Apparently he's never heard a queef, he totally thought I farted and got freaked out.
She kept calling me her DD, which I assumed meant designated driver, so I was confused because I don't even have a car. Found out later it means designated dick. It's what her and her friends use as code for the guy they want to hook up with at the end of the night. I feel so used.
We had break up sex twice. He said one was cause he had to say goodbye to both tits.
Interesting preview of what next year will be like. Side note, missing a chunk of flesh from my middle finger.
Just asked my dog if he was proud of me for making it home. That drunk.
There's banana everywhere and your hamster may or may not have stayed the night in the microwave...
I can hear her moaning. I'm on some random guy's counter. He wanted me to cuddle but I said I didn't know how.
I slept with an Israeli and a Palestinian in the same day. It feels wrong.
She tried to beat the waitress over the head with a bread stick because one of her martini olives was missing a pimento. All while screaming "IT'S GAMEDAY BITCH"
Olive Garden will never be the same.
Is it wrong that the only reason I'd want Savannah in my wedding party is to watch her whore around and drink?

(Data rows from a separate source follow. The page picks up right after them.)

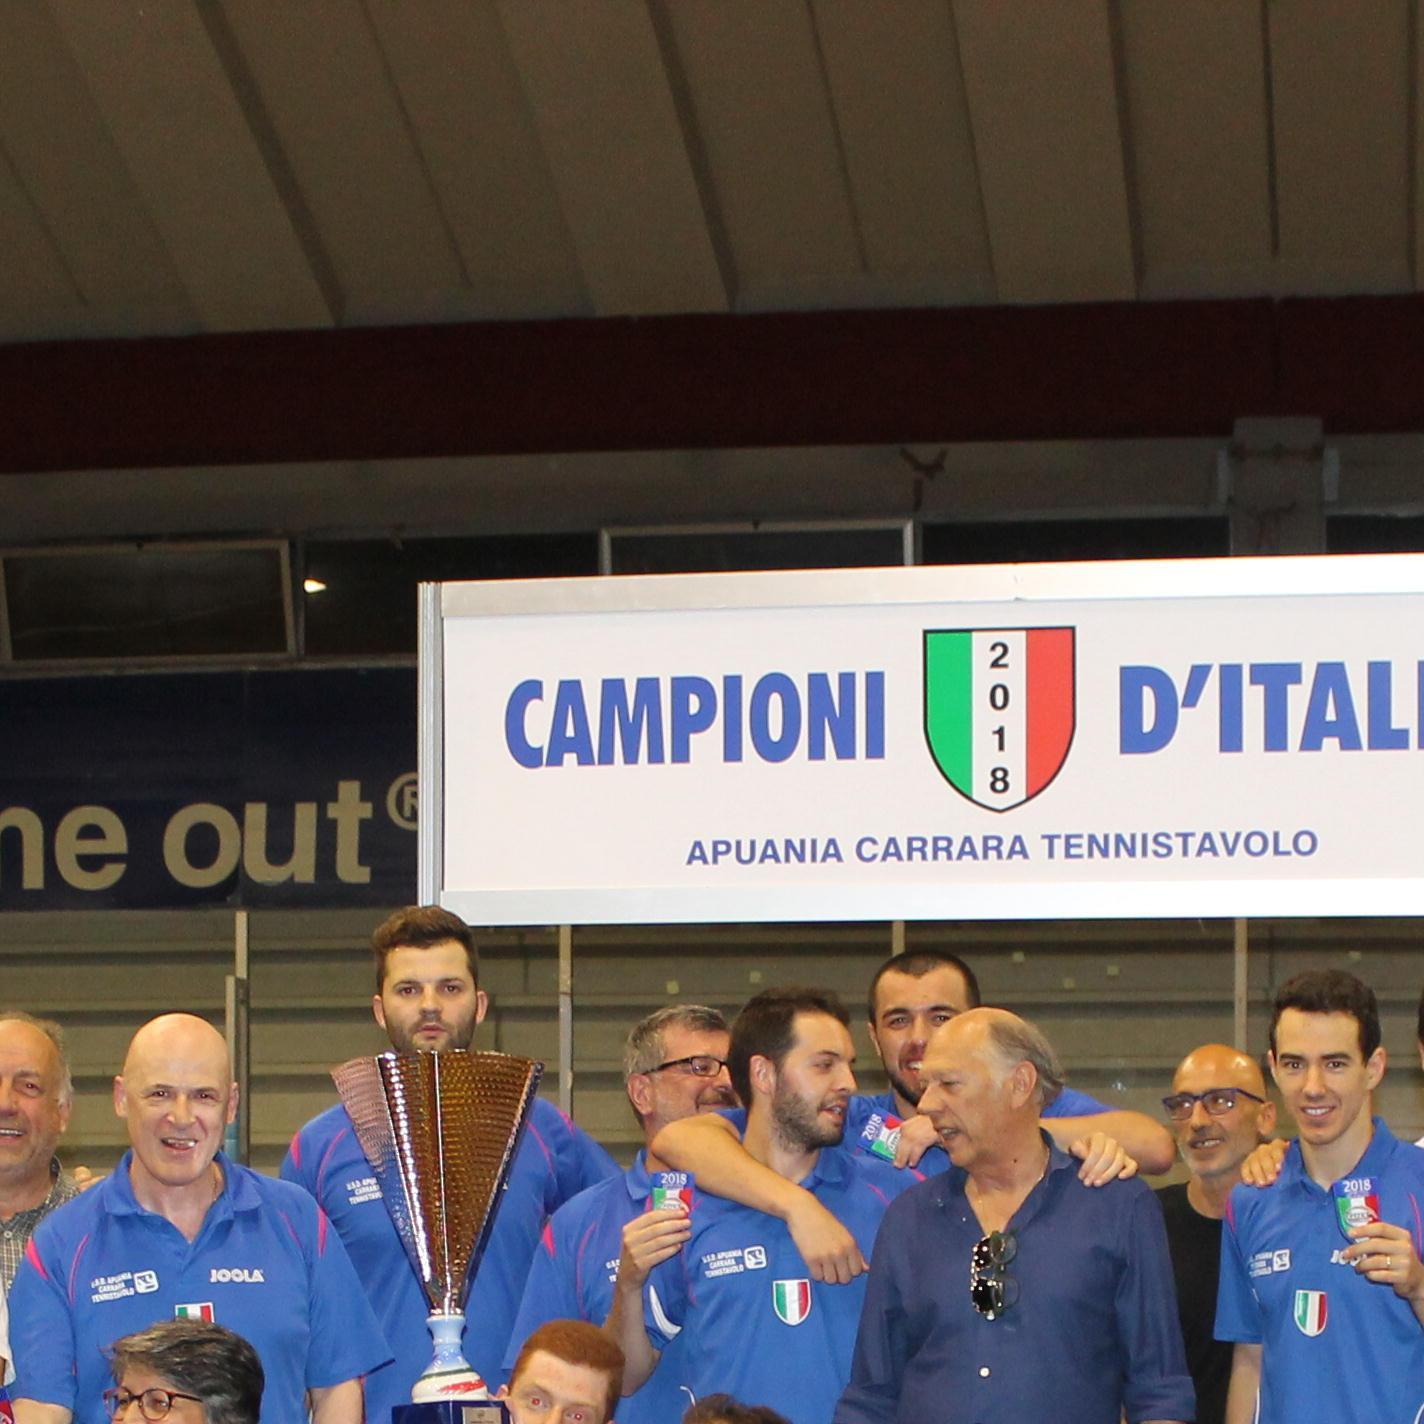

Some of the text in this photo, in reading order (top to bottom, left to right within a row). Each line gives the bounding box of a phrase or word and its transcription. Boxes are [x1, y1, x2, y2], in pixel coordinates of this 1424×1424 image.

[504, 671, 886, 770] CAMPIONI
[162, 780, 373, 888] out
[685, 829, 1319, 866] APUANIA CARRARA TENNISTAVOLO
[660, 1172, 688, 1185] 2018
[1342, 1178, 1372, 1193] 2018
[209, 1268, 264, 1283] JOOLA
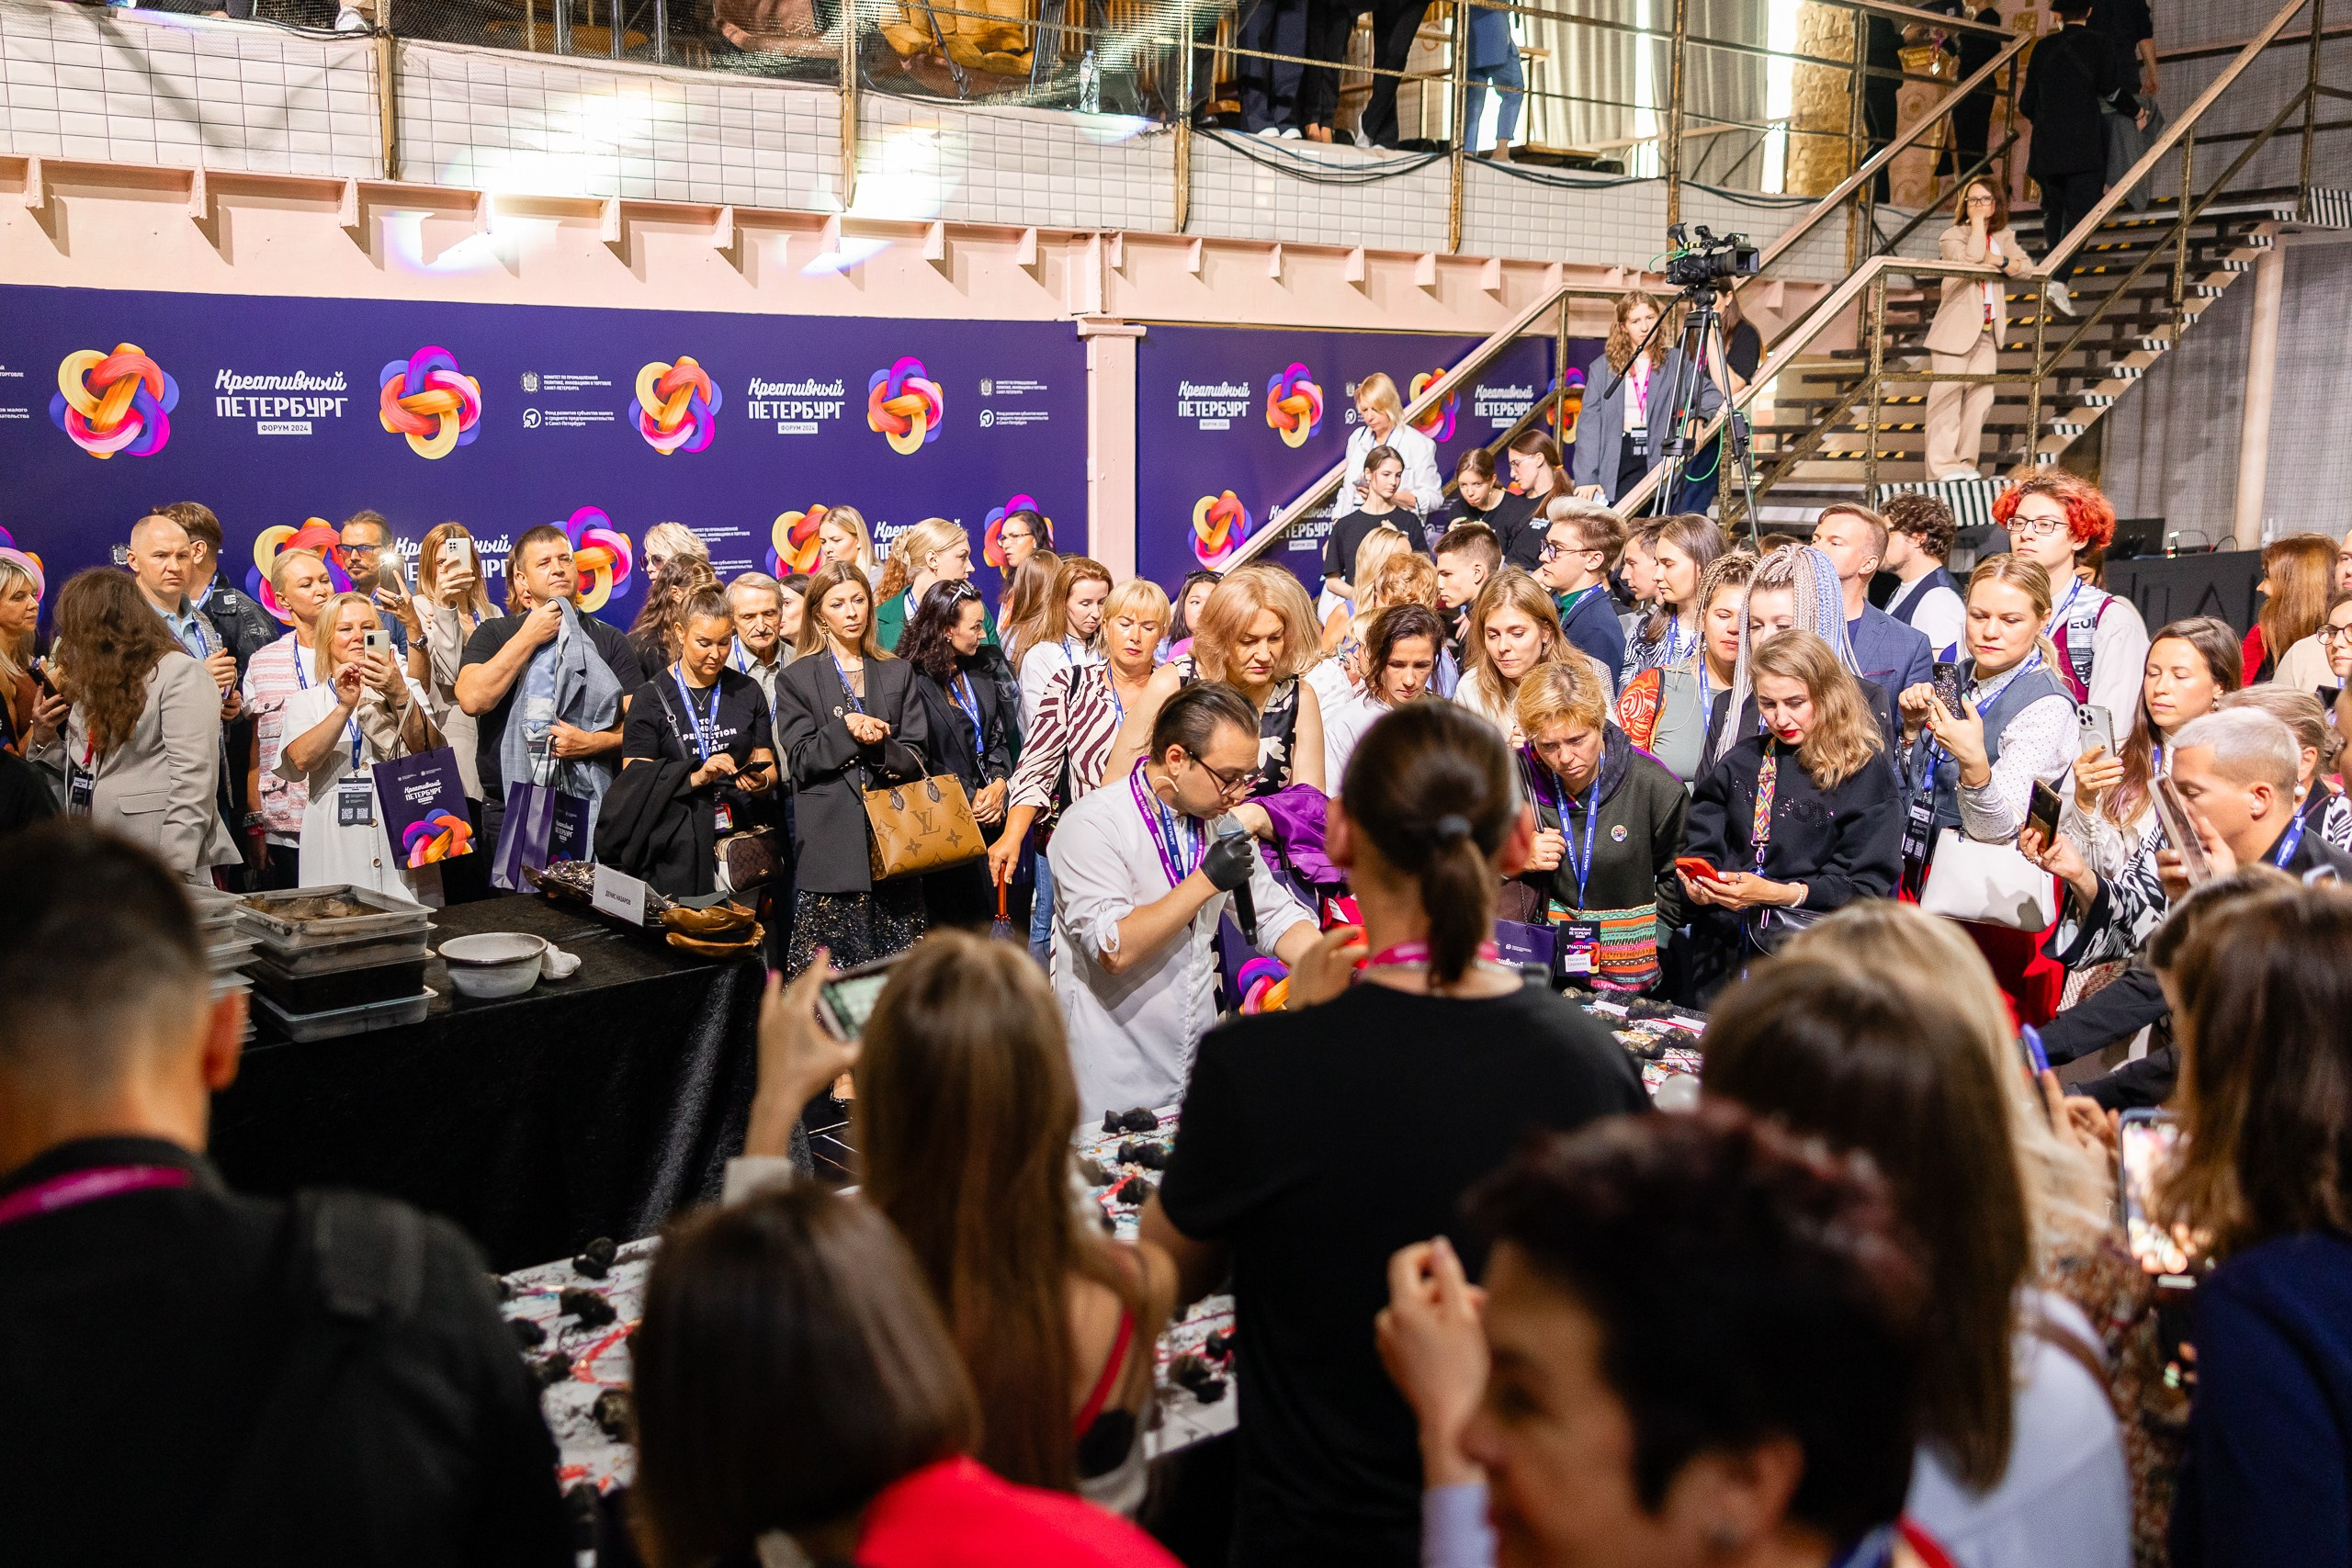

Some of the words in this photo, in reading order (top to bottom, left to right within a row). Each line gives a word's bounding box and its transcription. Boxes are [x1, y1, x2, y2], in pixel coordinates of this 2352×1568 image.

[214, 368, 348, 395] Креативный
[748, 378, 845, 400] Креативный
[1178, 380, 1250, 400] Креативный
[1475, 384, 1534, 401] Креативный
[216, 396, 348, 418] ПЕТЕРБУРГ
[748, 401, 845, 419] ПЕТЕРБУРГ
[1178, 400, 1250, 417] ПЕТЕРБУРГ
[1475, 401, 1534, 417] ПЕТЕРБУРГ
[405, 786, 442, 801] ПЕТЕРБУРГ

Couldn't find my swimsuit top anywhere this morning but finally found it in the skimmer of the pool so thats how my night apparently went
I left the bar I'm on a bench across from the bowling alley taking a nap please come get me. I've had three lollipops.
You grabbed my arm, said "I need you" in a very concerned voice and dragged me to the other room where you were blasting Evolution of Beyoncé.
Our friendship just got weirder. He snapchated me the porn he was watching.
I feel asleep with my contacts in, with my arms wrapped around a bottle of vodka. Also... Do we have class today?